• [GOAL OF THE EXERCISE]: Please write the data out once more, exactly as it is given.

• [DATA]:
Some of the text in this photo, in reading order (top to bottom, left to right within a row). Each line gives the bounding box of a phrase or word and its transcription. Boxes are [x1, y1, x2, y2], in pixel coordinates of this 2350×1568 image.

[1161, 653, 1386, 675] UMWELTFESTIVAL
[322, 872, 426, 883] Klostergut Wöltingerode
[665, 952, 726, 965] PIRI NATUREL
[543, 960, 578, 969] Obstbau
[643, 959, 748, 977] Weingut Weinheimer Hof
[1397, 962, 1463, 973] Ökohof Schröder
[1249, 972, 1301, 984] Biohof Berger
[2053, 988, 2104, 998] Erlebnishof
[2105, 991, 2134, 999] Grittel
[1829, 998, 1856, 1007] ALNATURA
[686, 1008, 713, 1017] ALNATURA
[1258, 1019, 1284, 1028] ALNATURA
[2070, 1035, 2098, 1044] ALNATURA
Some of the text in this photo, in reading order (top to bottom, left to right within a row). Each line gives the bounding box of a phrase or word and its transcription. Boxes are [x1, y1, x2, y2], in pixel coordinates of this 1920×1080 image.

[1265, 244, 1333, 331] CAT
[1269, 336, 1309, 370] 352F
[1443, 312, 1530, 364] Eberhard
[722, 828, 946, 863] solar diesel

• [EXPECTED ANSWER]:
Some of the text in this photo, in reading order (top to bottom, left to right within a row). Each line gives the bounding box of a phrase or word and its transcription. Boxes are [x1, y1, x2, y2], in pixel coordinates of this 2350×1568 image.

[1161, 653, 1386, 675] UMWELTFESTIVAL
[322, 872, 426, 883] Klostergut Wöltingerode
[665, 952, 726, 965] PIRI NATUREL
[543, 960, 578, 969] Obstbau
[643, 959, 748, 977] Weingut Weinheimer Hof
[1397, 962, 1463, 973] Ökohof Schröder
[1249, 972, 1301, 984] Biohof Berger
[2053, 988, 2104, 998] Erlebnishof
[2105, 991, 2134, 999] Grittel
[1829, 998, 1856, 1007] ALNATURA
[686, 1008, 713, 1017] ALNATURA
[1258, 1019, 1284, 1028] ALNATURA
[2070, 1035, 2098, 1044] ALNATURA
Some of the text in this photo, in reading order (top to bottom, left to right within a row). Each line gives the bounding box of a phrase or word and its transcription. Boxes are [x1, y1, x2, y2], in pixel coordinates of this 1920×1080 image.

[1265, 244, 1333, 331] CAT
[1269, 336, 1309, 370] 352F
[1443, 312, 1530, 364] Eberhard
[722, 828, 946, 863] solar diesel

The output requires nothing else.